29. A kit for detecting influenza A virus, comprising a set of
primers according to claim 1, capable of participating in the
production of an amplification product; and a detection reagent
capable of detecting the formation of the amplification product.
Description
CROSS-REFERENCE TO RELATED APPLICATIONS
[0001] This application claims priority under 35 U.S.C. .sctn.119
to U.S. Provisional Application Ser. No. 60/799,523, filed May 11,
2006 which is incorporated herein by reference in its entirety.
BACKGROUND OF THE INVENTION
[0002] 1. Field of the Invention
[0003] The present invention relates to detection of influenza A
virus variants with 100% sequence identity. More particularly, the
invention relates to methods and reagents for detecting influenza A
virus in biological samples and to kits for carrying out the
methods.
[0004] 2. Description of the Related Art
[0005] Influenza A virus is an RNA virus of the genus
Orthomyxovirus, and is the causative agent of influenza, an acute
viral infection involving the respiratory tract. It is marked by
inflammation of the nasal mucosa, the pharynx, and conjunctiva, and
by headache and severe, often generalized, myalgia. Influenza
epidemics have been recorded throughout history; the worst of these
was the 1918 pandemic, which caused about 20 million deaths
worldwide and about 500,000 deaths in the United States. (Sam
Baron, MEDICAL MICROBIOLOGY, 4.sup.th ed. University of
Texas-Galveston (1996)).
[0006] Influenza A virus is a single-stranded RNA virus with a
segmented genome. The genomic RNAs contain one or more open reading
frames flanked by noncoding sequences at the 5' and 3' ends
(Desselberger et al., Gene 1980, 8:315). Its genetic composition
allows this virus to evolve by reassortment of gene segments from
different strains; this reassortment creates new variants for which
a newly infected organism has no anamnestic immune response. Some
influenza A subtypes are species specific, however all subtypes are
found in birds (Webster et al., Microbiol. Rev. 1992, 56:152).

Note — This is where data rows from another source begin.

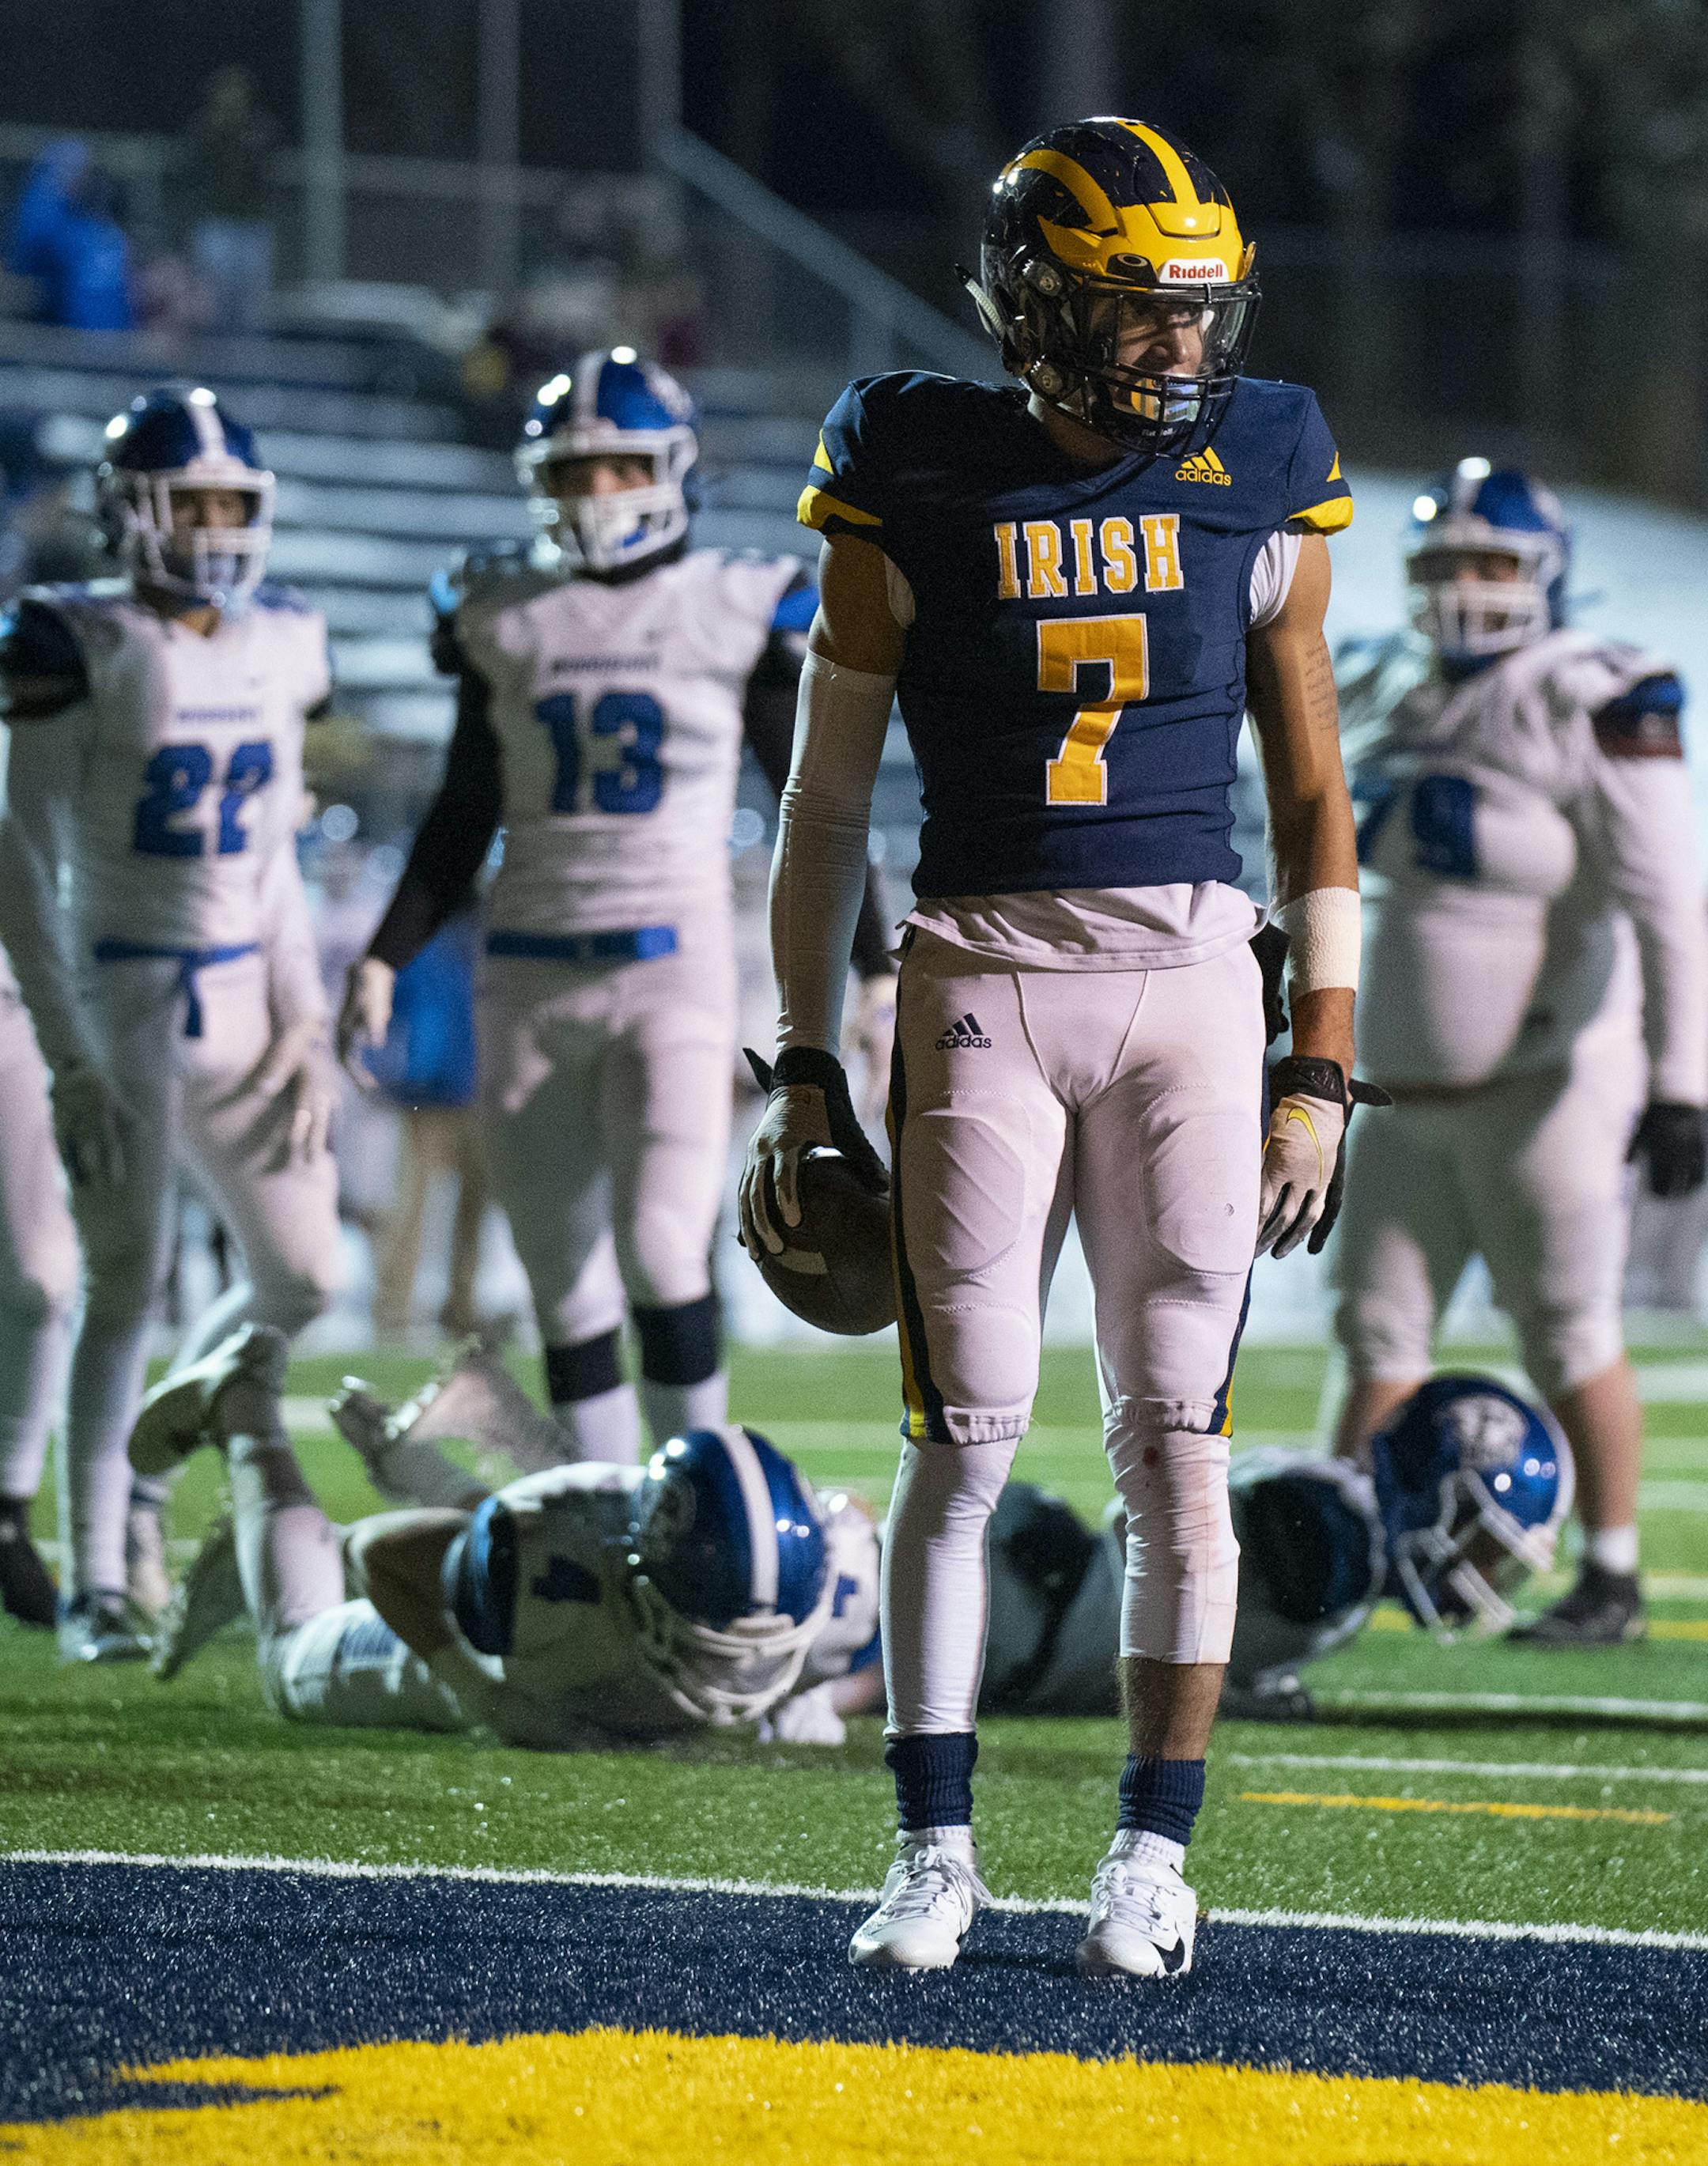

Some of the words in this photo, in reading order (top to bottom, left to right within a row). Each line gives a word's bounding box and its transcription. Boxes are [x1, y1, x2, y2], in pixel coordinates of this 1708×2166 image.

[1169, 263, 1223, 279] Riddell
[1175, 468, 1232, 486] adidas
[993, 513, 1185, 601] IRISH
[534, 691, 664, 815] 13
[1036, 612, 1151, 806] 7
[134, 741, 274, 856] 22
[935, 1034, 992, 1051] adidas

[0007] Each subtype includes many different strains with new ones
arising often due to a highly mutable RNA genome. Of the 15
hemagglutinin (HA) and 9 neuraminidase (NA) subtypes of influenza
circulating in aquatic birds, three, H1N1, H2N2, and H3N2 subtypes
are known to have caused pandemics in humans (Webster et al.,
Microbiol. Rev. 1992, 56:152). There is also evidence that pigs can
serve as an intermediate host ("mixing vessel") for the generation
of new strains that are pathogenic in humans (Scholtissek et al.,
Virology 1985, 147:287). The avian virus H5N1 , which caused the
deadly "avian flu" outbreak in Hong Kong in 1997, showed that
highly pathogenic influenza A viruses can also be transmitted
directly from avian species to humans (Claas et al., Lancet 1998,
351:472; Suarez et al., J. Virol. 1998, 72:6678; Subbarao et al.,
Science 1998, 279:393; Shortridge, Vaccine 1999, 17 (Suppl. 1):
S26; Webby and Webster, Science 2003, 302:1519).
[0008] Treatment for influenza A is available through antiviral
therapies such as neuraminidase inhibitors. These antiviral
treatments are most effective when administered within the first 48
hours after the onset of illness. Hayden et al., J. Am. Med. Assoc.

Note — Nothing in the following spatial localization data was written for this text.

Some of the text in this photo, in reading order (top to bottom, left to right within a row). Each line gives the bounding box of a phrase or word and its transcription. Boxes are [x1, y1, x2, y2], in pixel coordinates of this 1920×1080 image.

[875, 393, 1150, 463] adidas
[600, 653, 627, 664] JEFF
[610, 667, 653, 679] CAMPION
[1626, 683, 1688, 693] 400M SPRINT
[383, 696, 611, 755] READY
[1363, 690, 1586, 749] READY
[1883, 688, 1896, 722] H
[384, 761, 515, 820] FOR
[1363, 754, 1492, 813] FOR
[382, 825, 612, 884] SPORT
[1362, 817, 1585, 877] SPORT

1999; 282:1240. Yet traditional methods of detecting the presence
of influenza A virus strains involve several lengthy steps,
including propagation in cell lines or in embryonated eggs. Viral
antigens are then detected in the cell cultures using fluorescent-
or immunoperoxidase-labeled antibodies specific for influenza
virus. A major drawback of these traditional culture methods is
that they often take several days and do not provide results in a
time frame that is clinically relevant, i.e. within the first 48
hours after the onset of symptoms. See Newton et al., Am. J. Manag.
Care 2000, 6:S265.
[0009] Further efforts to decrease the turnaround time of
laboratory diagnosis have utilized molecular methods to detect
viral nucleic acids in patient specimens. Nucleic acid
amplification methods provide a better sensitivity than traditional
virus culture and immunofluorescence techniques. See Ellis and
Zombon, Rev. Med. Virol., 2002, 12:375. Amplification-based methods
typically involve two basic steps: 1) amplification with a set of
oligonucleotide primers to generate a specific amplicon, and 2)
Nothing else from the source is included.